会社設立後によくある5つの後悔!会社を設立して途方に暮れないために

 こんにちは!浦安の税理士たちばなです。旧商法の時代は会社の設立には最低資本金制度があって株式会社であれば1000万円、有限会社であれば300万円が必要でしたが、今は資本金が1円でも会社を設立できるようになったためとても手軽になりました。

 でも会社設立後に「こんなの知らなかった」という声も聞きますので、よくある後悔を5つ紹介したいと思います。

銀行口座が開設できない

 銀行口座の不正利用を防ぐためここ数年銀行口座開設の審査が厳しくなっており、「会社の銀行口座が開設できない」という話をよく耳にします。もちろん新規に設立された会社であっても、資本金の額が大きく事務所や工場が物理的に存在するなどの場合には銀行から信用されやすく比較的口座を開設しやすいのですが、「資本金の額が小さい」「バーチャルオフィスで会社登記」などの場合には苦戦する会社が少なくありません。
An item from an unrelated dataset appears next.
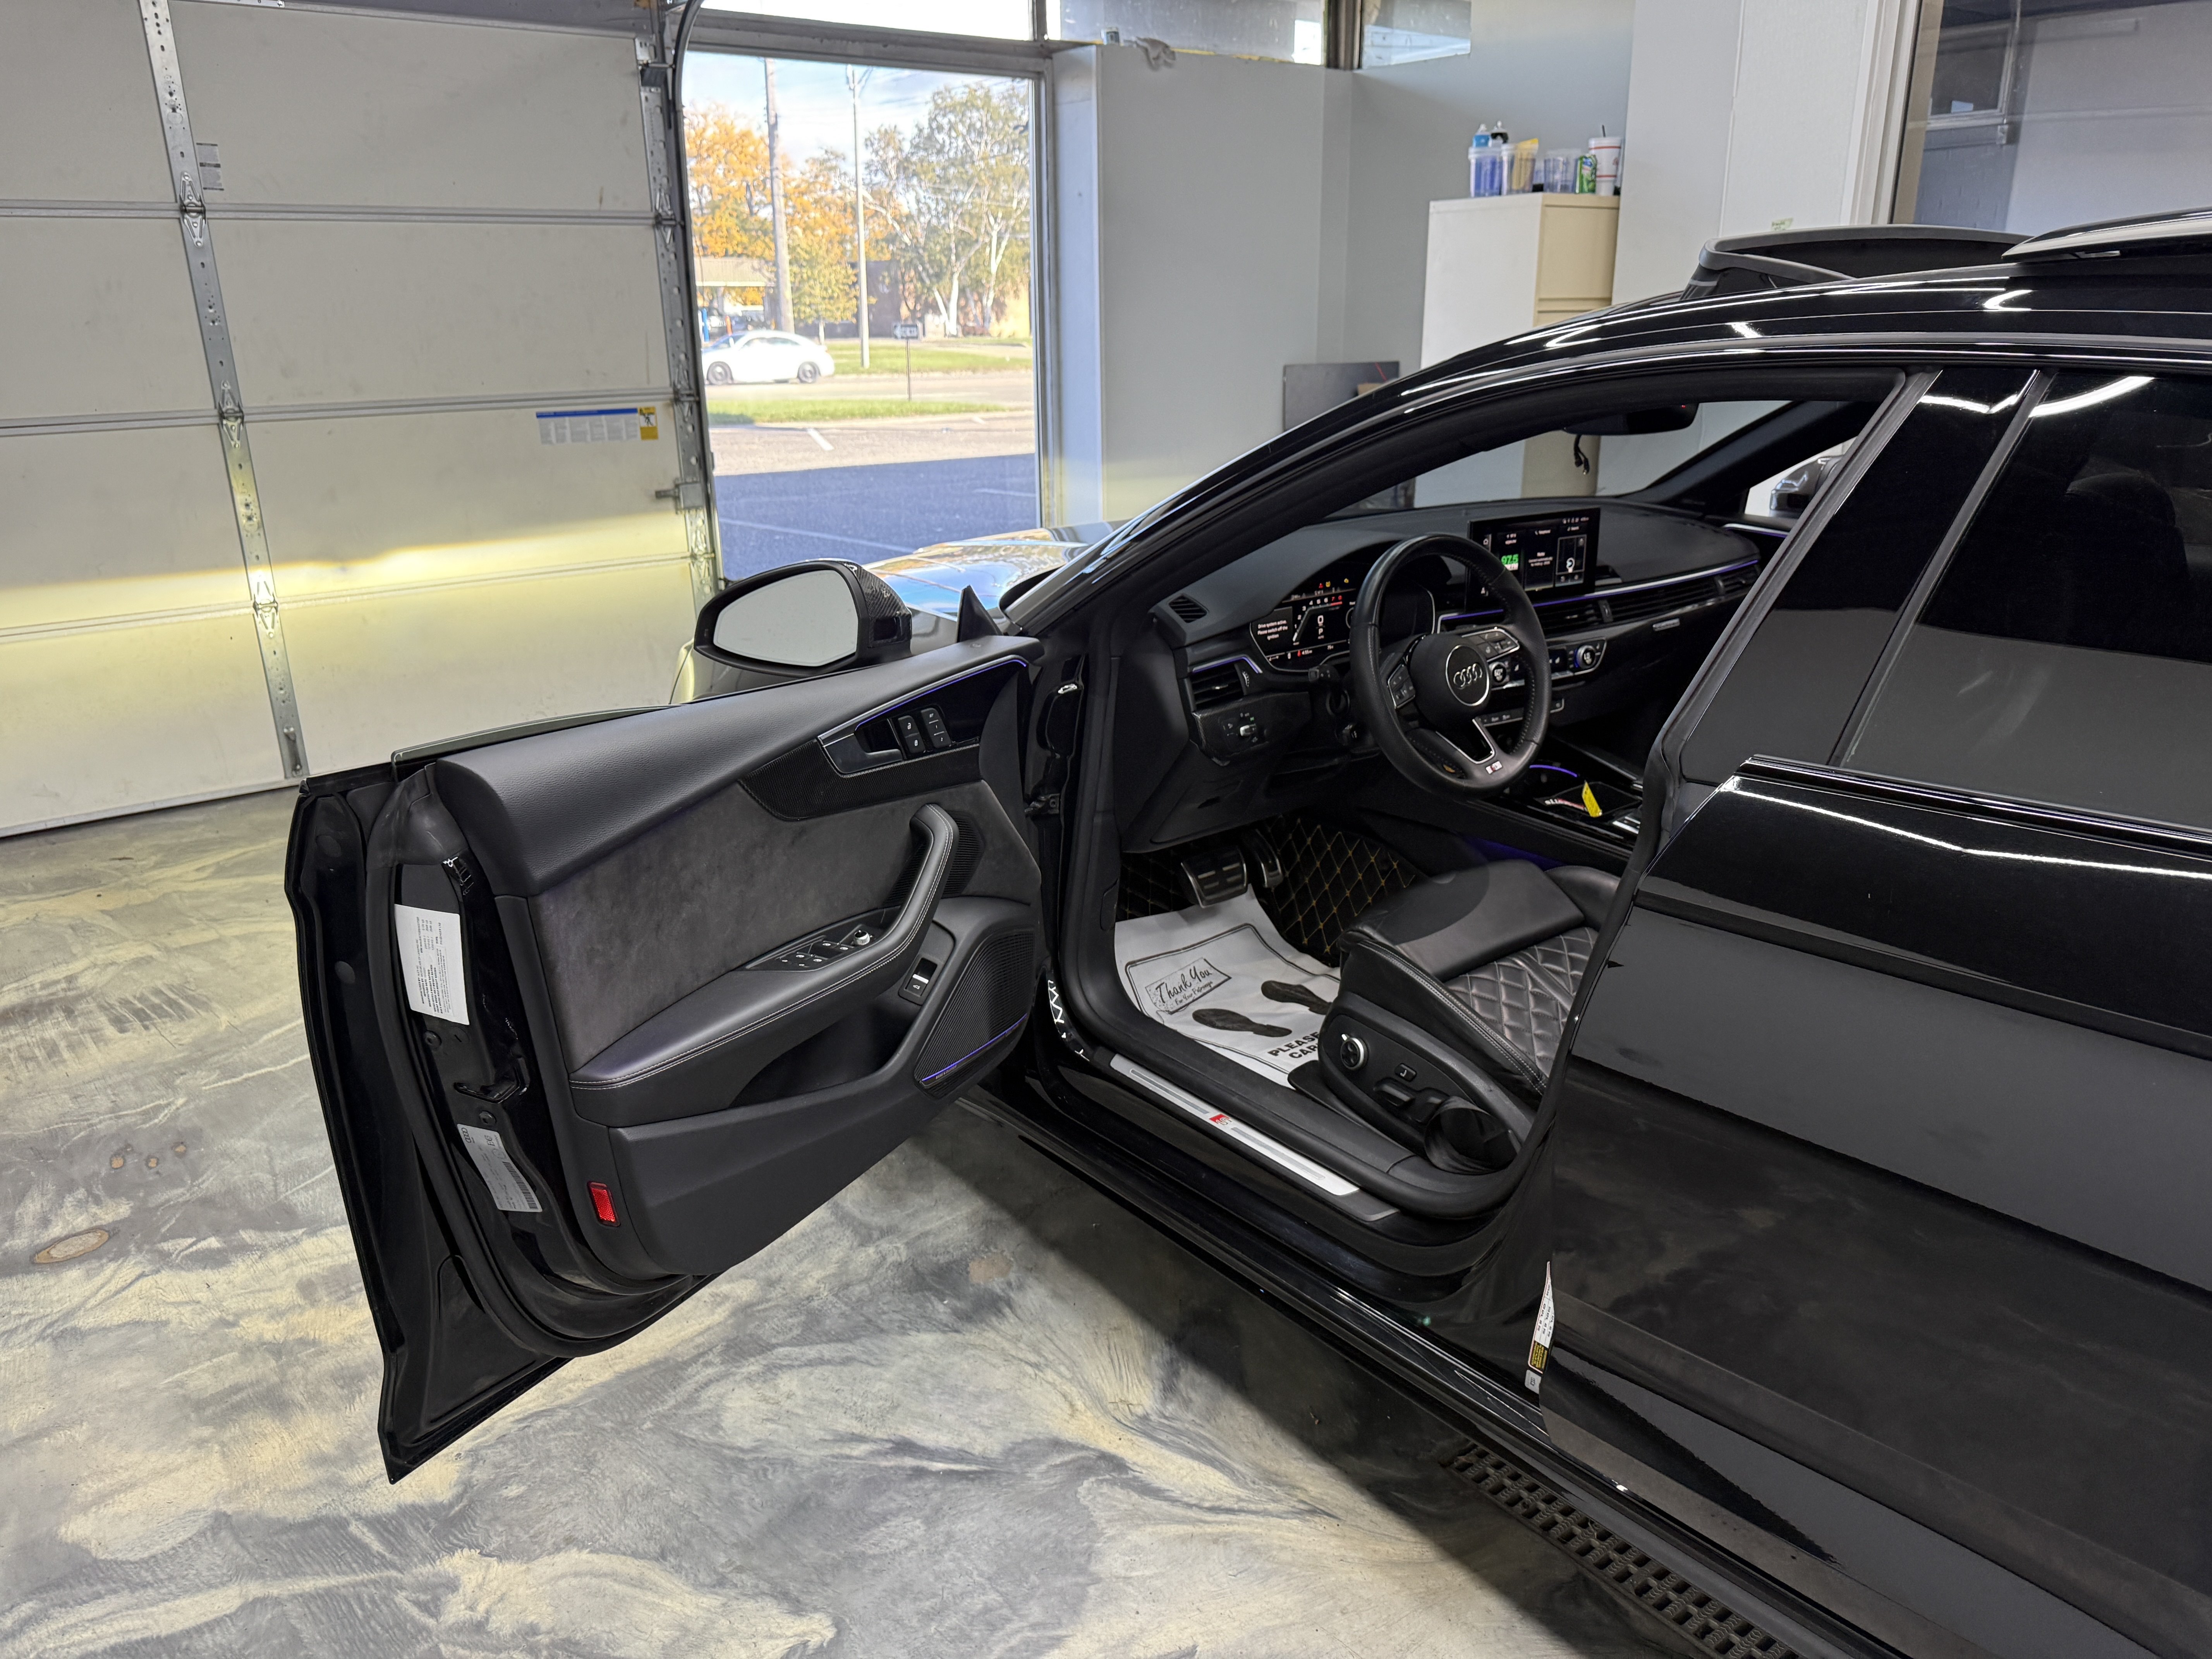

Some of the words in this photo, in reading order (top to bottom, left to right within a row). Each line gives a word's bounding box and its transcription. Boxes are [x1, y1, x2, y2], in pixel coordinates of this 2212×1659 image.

 なかには数多くの銀行や信用金庫を回ったものの「第一期目の決算書と確定申告書を持ってきたら審査します」と言われてしまい「銀行口座なしにどうやって事業をするんだ」と途方に暮れる会社もあります。

 銀行口座が開設できないと会社の設立直後から死活問題になってしま場合もあります。スムーズに銀行口座を開設するためにも資本金の額を小さくし過ぎないことや、事務所の賃貸借契約書、会社案内のパンフレット、ウェブサイトなどで会社の実態を説明できるようにしておくことが大切です。

社会保険の強制加入

 個人事業であっても一定の要件を満たす場合には社会保険の強制適用事業所になりますが、従業員が5人未満などの場合には社会保険への加入は強制されません。したがって小規模な個人事業であれば社会保険に加入しないこともできますが、これに対して会社の場合は規模にかかわらず全ての会社が強制適用事業所に該当します。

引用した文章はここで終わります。